TASK BRIEF:
Return each entry below word for word, leaving out any image.

SUPPLIED INFORMATION:
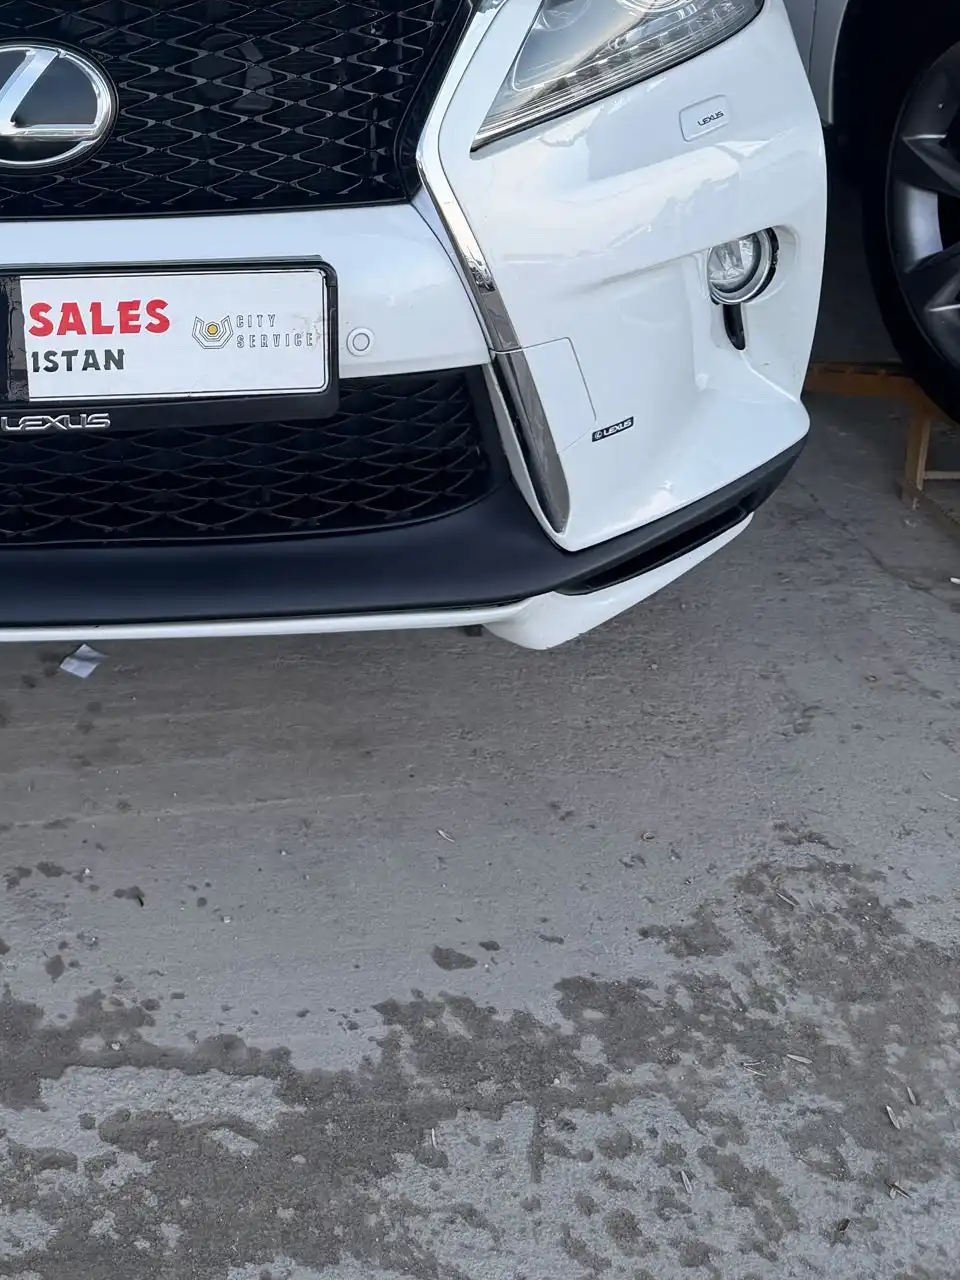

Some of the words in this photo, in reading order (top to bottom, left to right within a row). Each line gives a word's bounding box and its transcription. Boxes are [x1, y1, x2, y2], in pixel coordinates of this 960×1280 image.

[697, 110, 724, 126] LEXUS
[28, 298, 171, 337] SALES
[236, 314, 276, 328] CITY
[236, 332, 314, 348] SERVICE
[1, 412, 111, 431] LEXUS
[603, 419, 632, 436] LEXUS
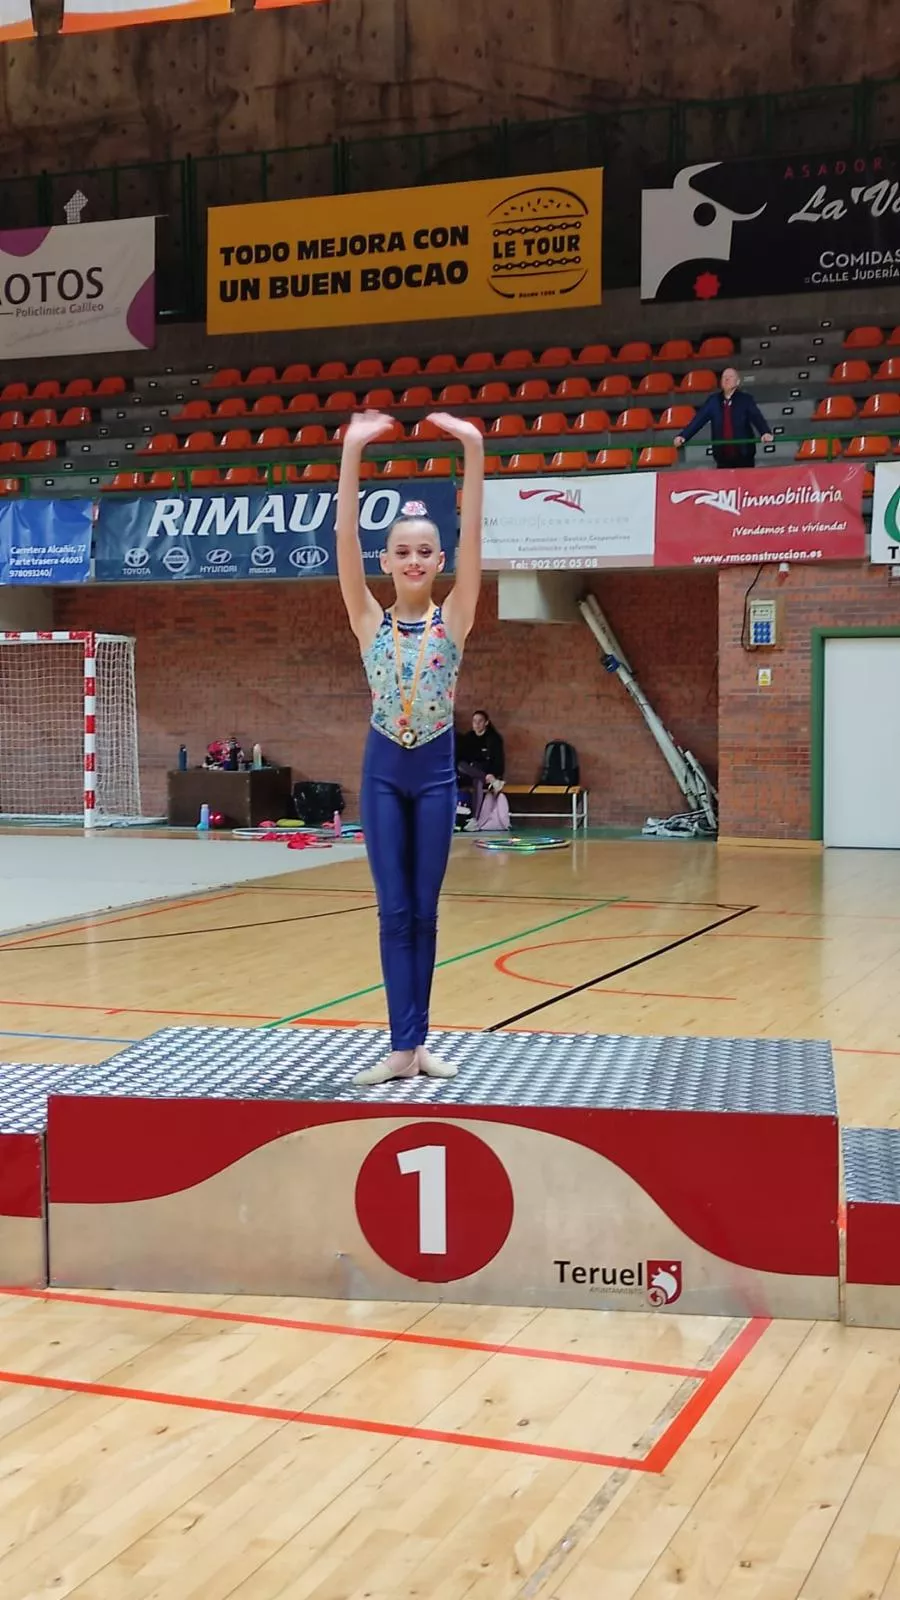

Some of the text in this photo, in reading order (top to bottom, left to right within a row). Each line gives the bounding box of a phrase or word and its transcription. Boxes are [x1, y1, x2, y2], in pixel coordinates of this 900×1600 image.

[784, 157, 883, 180] ASADOR
[787, 184, 848, 223] La
[220, 225, 469, 266] TODO MEJORA CON
[493, 234, 581, 259] LE TOUR
[219, 259, 469, 303] UN BUEN BOCAO
[811, 271, 849, 284] CALLE
[0, 266, 104, 306] OTOS
[69, 302, 104, 314] Galileo
[742, 484, 843, 508] inmobiliaria
[732, 521, 847, 537] ¡Vendemos tu vivienda!
[10, 546, 46, 554] Carretera
[295, 550, 321, 564] KIA
[692, 549, 823, 565] www.rmconstruccion.es
[9, 557, 32, 566] Parte
[32, 557, 59, 565] trasera
[200, 564, 238, 573] HYUNDAI
[510, 557, 599, 570] Tel: 902 02 05 08
[122, 567, 151, 575] TOYOTA
[396, 1145, 447, 1255] 1
[553, 1260, 644, 1287] Teruel
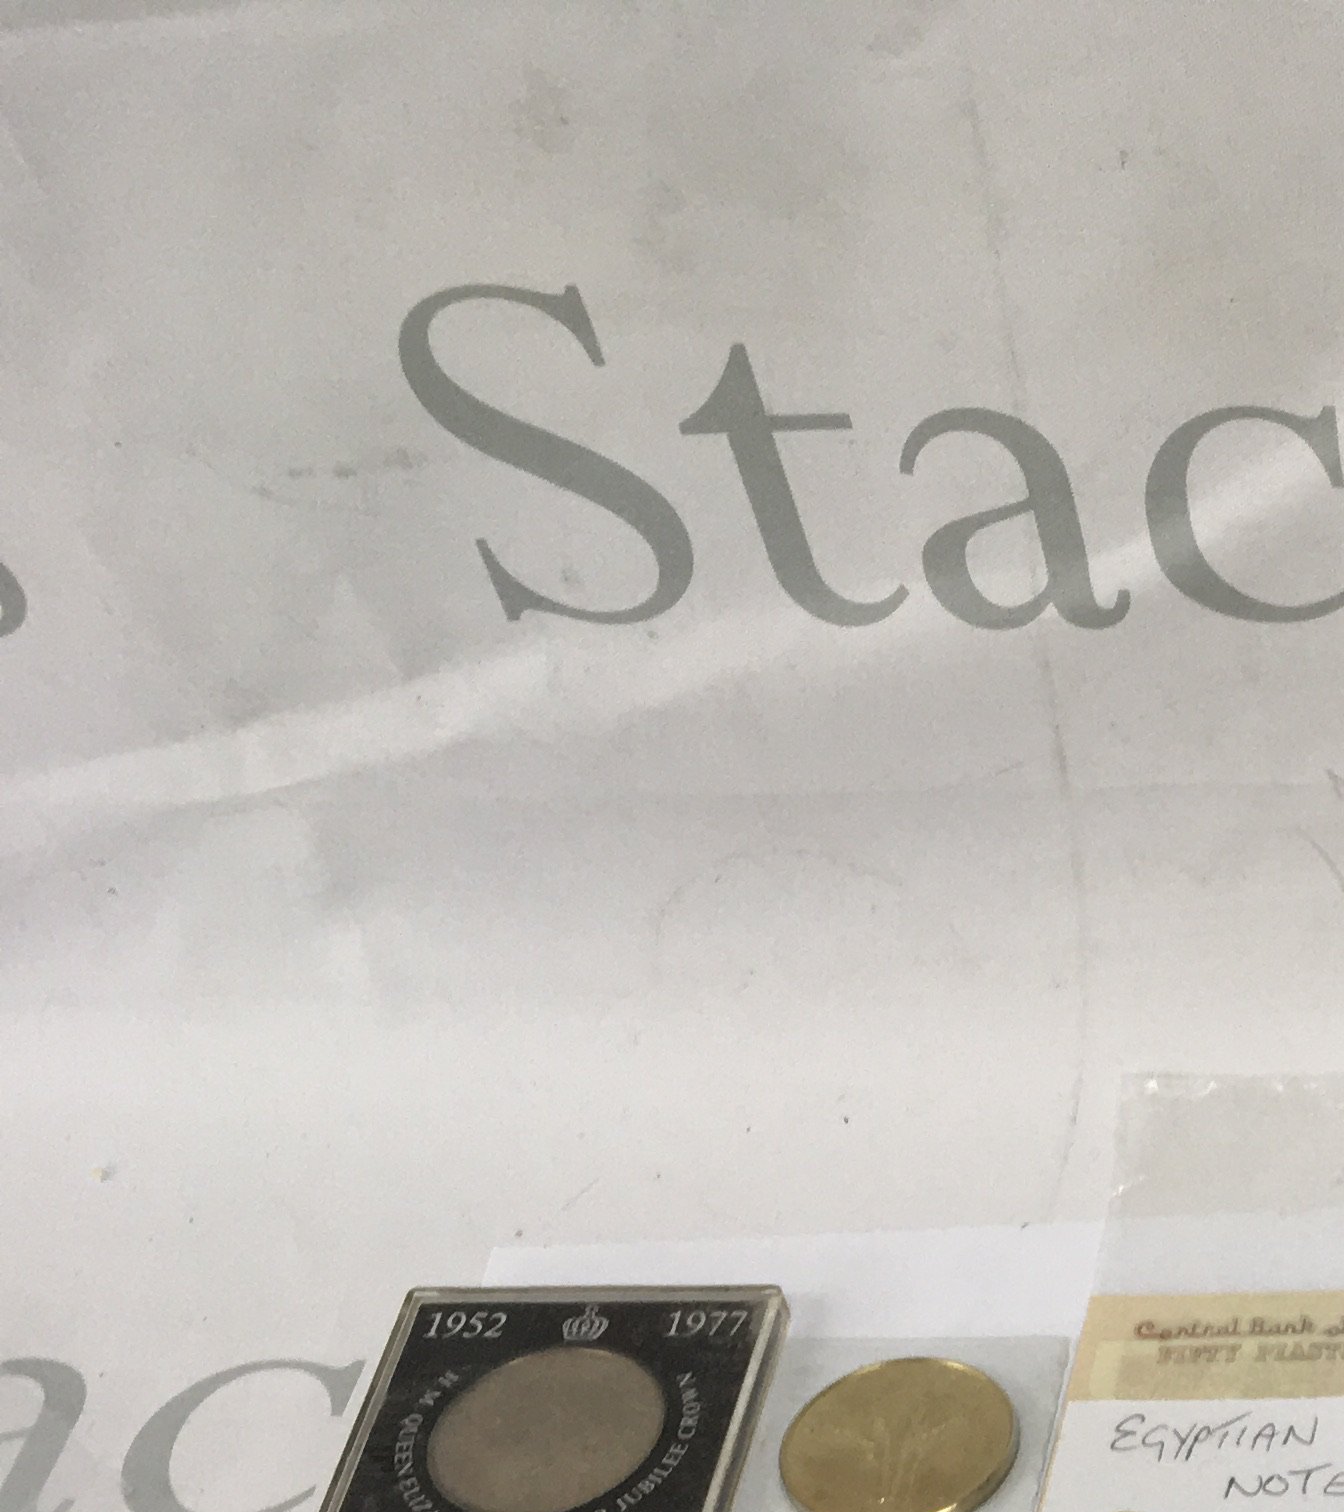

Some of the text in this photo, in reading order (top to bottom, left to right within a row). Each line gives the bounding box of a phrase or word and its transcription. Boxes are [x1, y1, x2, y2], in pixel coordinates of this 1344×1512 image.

[422, 1311, 507, 1339] 1952
[663, 1310, 748, 1338] 1977
[616, 1441, 690, 1512] JUBILEE
[675, 1370, 701, 1440] CROWN
[1109, 1410, 1319, 1462] EGYPTIAN
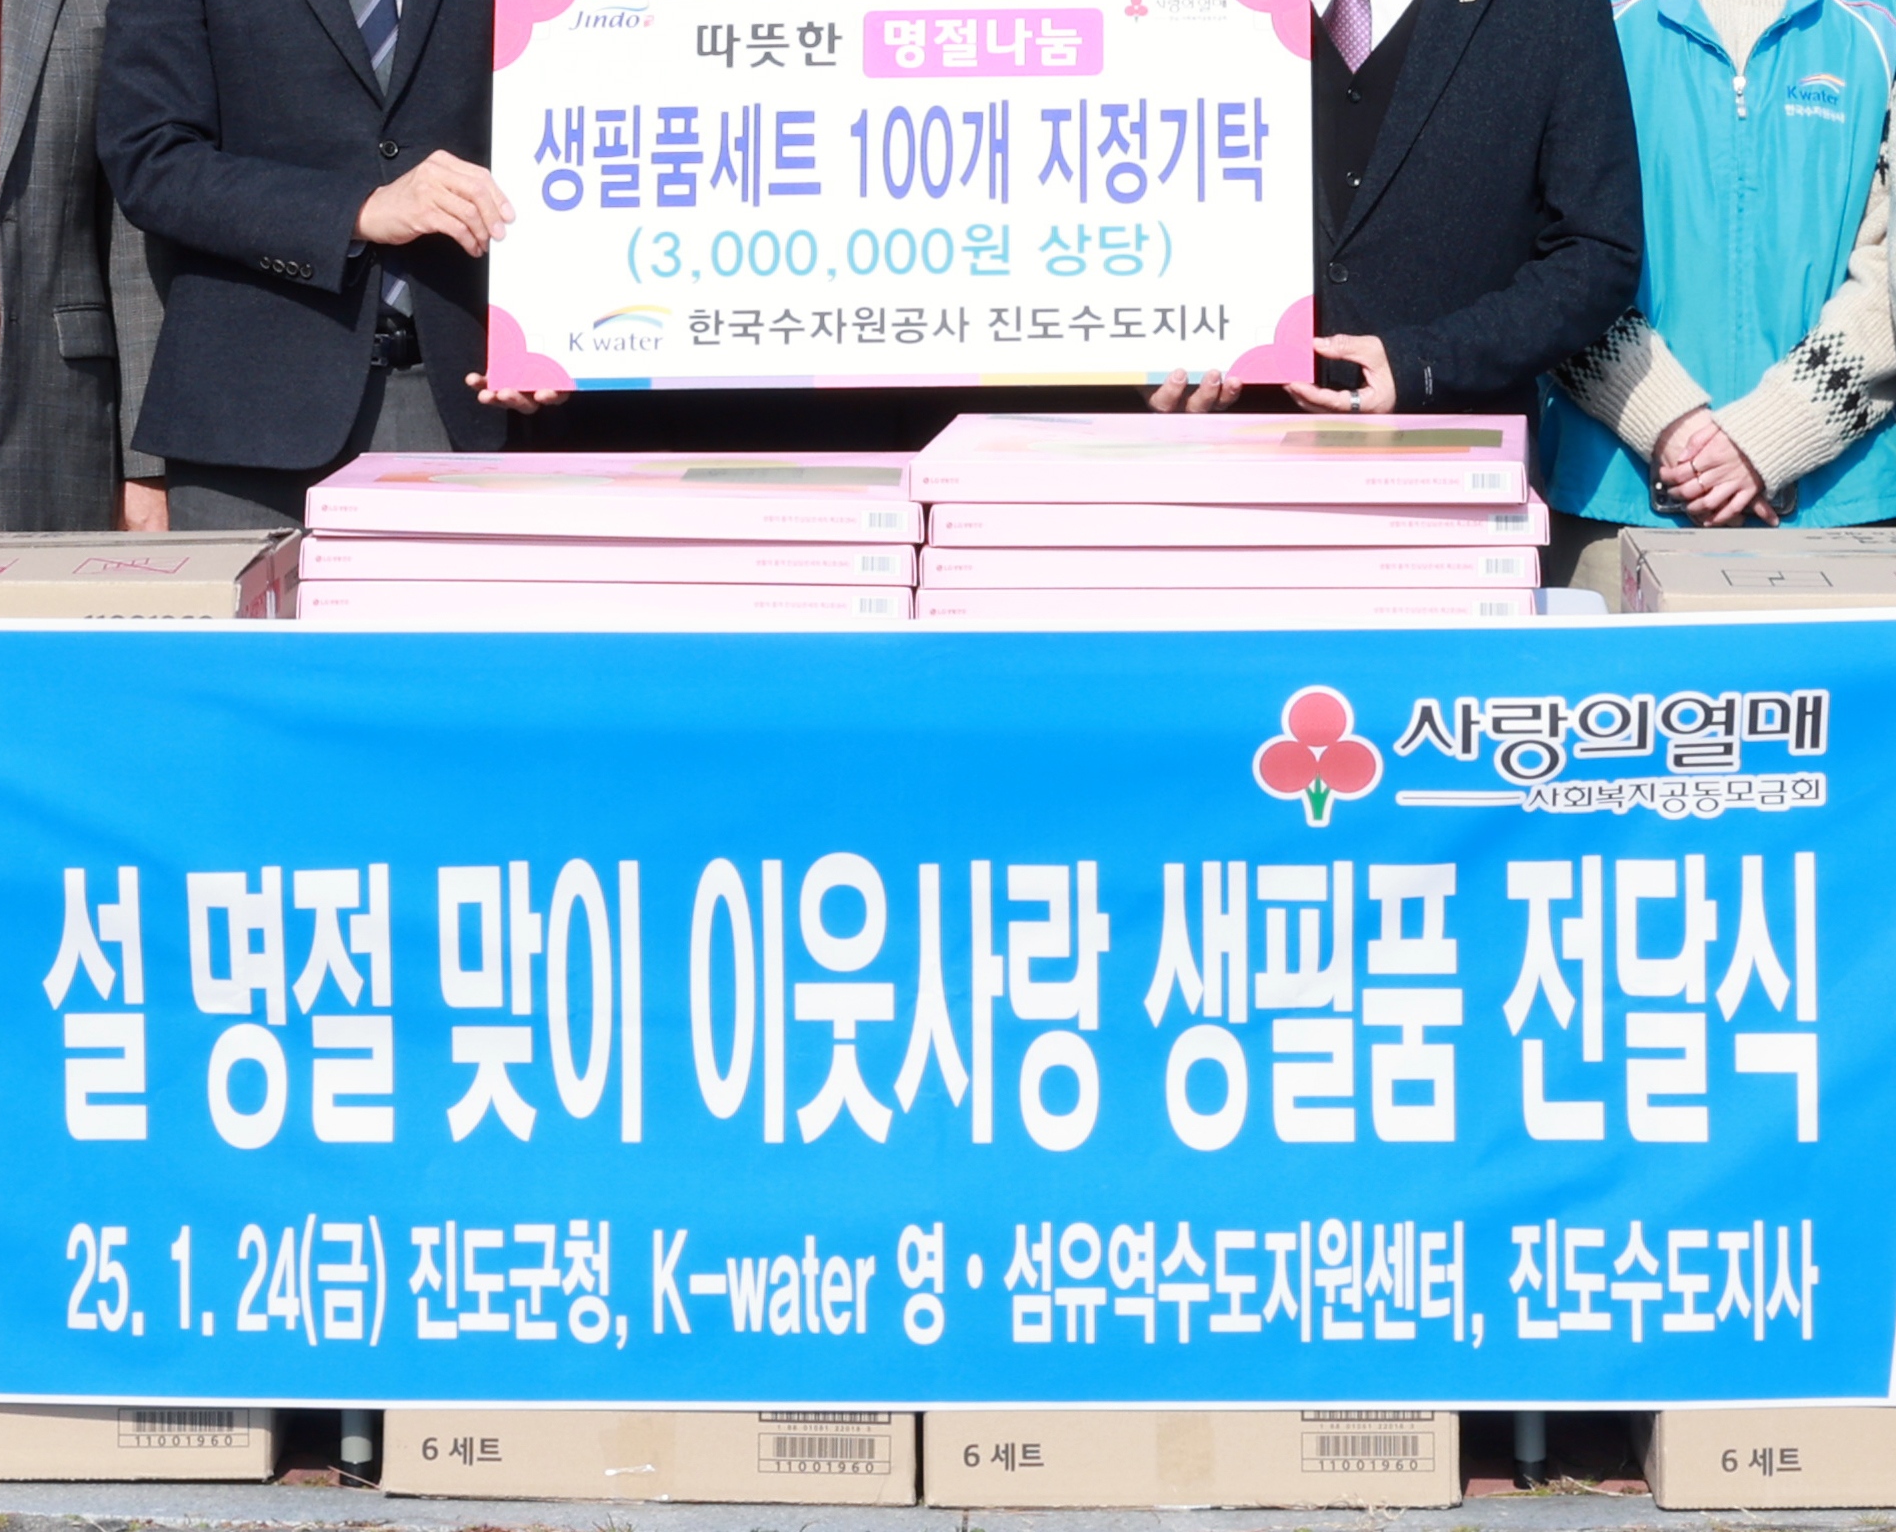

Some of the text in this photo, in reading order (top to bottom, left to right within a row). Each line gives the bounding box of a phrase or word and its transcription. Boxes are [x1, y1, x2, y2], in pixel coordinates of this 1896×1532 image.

[568, 11, 640, 30] Jindo
[697, 18, 1083, 68] 따뜻한 명절나눔
[534, 97, 1269, 211] 생필품세트 100개 지정기탁
[628, 221, 1173, 284] (3,000,000원 상당)
[688, 305, 1229, 346] 한국수자원공사 진도수도지사
[1401, 695, 1822, 780] 사랑의열매
[1528, 778, 1820, 814] 사회복지공동모금회
[44, 852, 1818, 1151] 설 명절 맞이 이웃사랑 생필품 전달식
[67, 1223, 144, 1336] 25.
[171, 1225, 214, 1336] 1.
[237, 1214, 387, 1346] 24(금)
[408, 1219, 629, 1349] 진도군청,
[653, 1229, 876, 1335] K-water
[1509, 1219, 1819, 1343] 진도수도지사
[136, 1435, 233, 1447] 11001960
[421, 1436, 502, 1466] 6 세트
[963, 1442, 1045, 1472] 6 세트
[776, 1461, 874, 1473] 11001960
[1319, 1460, 1418, 1471] 11001960
[1721, 1447, 1802, 1477] 6 세트

RESULT OF THIS TASK:
Some of the words in this photo, in reading order (top to bottom, left to right within a row). Each line gives a word's bounding box and its transcription. Boxes are [x1, y1, x2, y2], in pixel coordinates of this 960×1280 image.

[697, 110, 724, 126] LEXUS
[28, 298, 171, 337] SALES
[236, 314, 276, 328] CITY
[236, 332, 314, 348] SERVICE
[1, 412, 111, 431] LEXUS
[603, 419, 632, 436] LEXUS

Some of the text in this photo, in reading order (top to bottom, left to right within a row). Each line gives the bounding box of a phrase or word and its transcription. Boxes are [x1, y1, x2, y2], in pixel coordinates of this 900×1600 image.

[784, 157, 883, 180] ASADOR
[787, 184, 848, 223] La
[220, 225, 469, 266] TODO MEJORA CON
[493, 234, 581, 259] LE TOUR
[219, 259, 469, 303] UN BUEN BOCAO
[811, 271, 849, 284] CALLE
[0, 266, 104, 306] OTOS
[69, 302, 104, 314] Galileo
[742, 484, 843, 508] inmobiliaria
[732, 521, 847, 537] ¡Vendemos tu vivienda!
[10, 546, 46, 554] Carretera
[295, 550, 321, 564] KIA
[692, 549, 823, 565] www.rmconstruccion.es
[9, 557, 32, 566] Parte
[32, 557, 59, 565] trasera
[200, 564, 238, 573] HYUNDAI
[510, 557, 599, 570] Tel: 902 02 05 08
[122, 567, 151, 575] TOYOTA
[396, 1145, 447, 1255] 1
[553, 1260, 644, 1287] Teruel

Some of the text in this photo, in reading order (top to bottom, left to right within a row). Each line gives the bounding box of a phrase or word and its transcription. Boxes are [x1, y1, x2, y2], in pixel coordinates of this 1344×1512 image.

[422, 1311, 507, 1339] 1952
[663, 1310, 748, 1338] 1977
[616, 1441, 690, 1512] JUBILEE
[675, 1370, 701, 1440] CROWN
[1109, 1410, 1319, 1462] EGYPTIAN

Some of the text in this photo, in reading order (top to bottom, left to right within a row). Each line gives the bounding box of a phrase or word and its transcription. Boxes are [x1, y1, x2, y2], in pixel coordinates of this 1896×1532 image.

[568, 11, 640, 30] Jindo
[697, 18, 1083, 68] 따뜻한 명절나눔
[534, 97, 1269, 211] 생필품세트 100개 지정기탁
[628, 221, 1173, 284] (3,000,000원 상당)
[688, 305, 1229, 346] 한국수자원공사 진도수도지사
[1401, 695, 1822, 780] 사랑의열매
[1528, 778, 1820, 814] 사회복지공동모금회
[44, 852, 1818, 1151] 설 명절 맞이 이웃사랑 생필품 전달식
[67, 1223, 144, 1336] 25.
[171, 1225, 214, 1336] 1.
[237, 1214, 387, 1346] 24(금)
[408, 1219, 629, 1349] 진도군청,
[653, 1229, 876, 1335] K-water
[1509, 1219, 1819, 1343] 진도수도지사
[136, 1435, 233, 1447] 11001960
[421, 1436, 502, 1466] 6 세트
[963, 1442, 1045, 1472] 6 세트
[776, 1461, 874, 1473] 11001960
[1319, 1460, 1418, 1471] 11001960
[1721, 1447, 1802, 1477] 6 세트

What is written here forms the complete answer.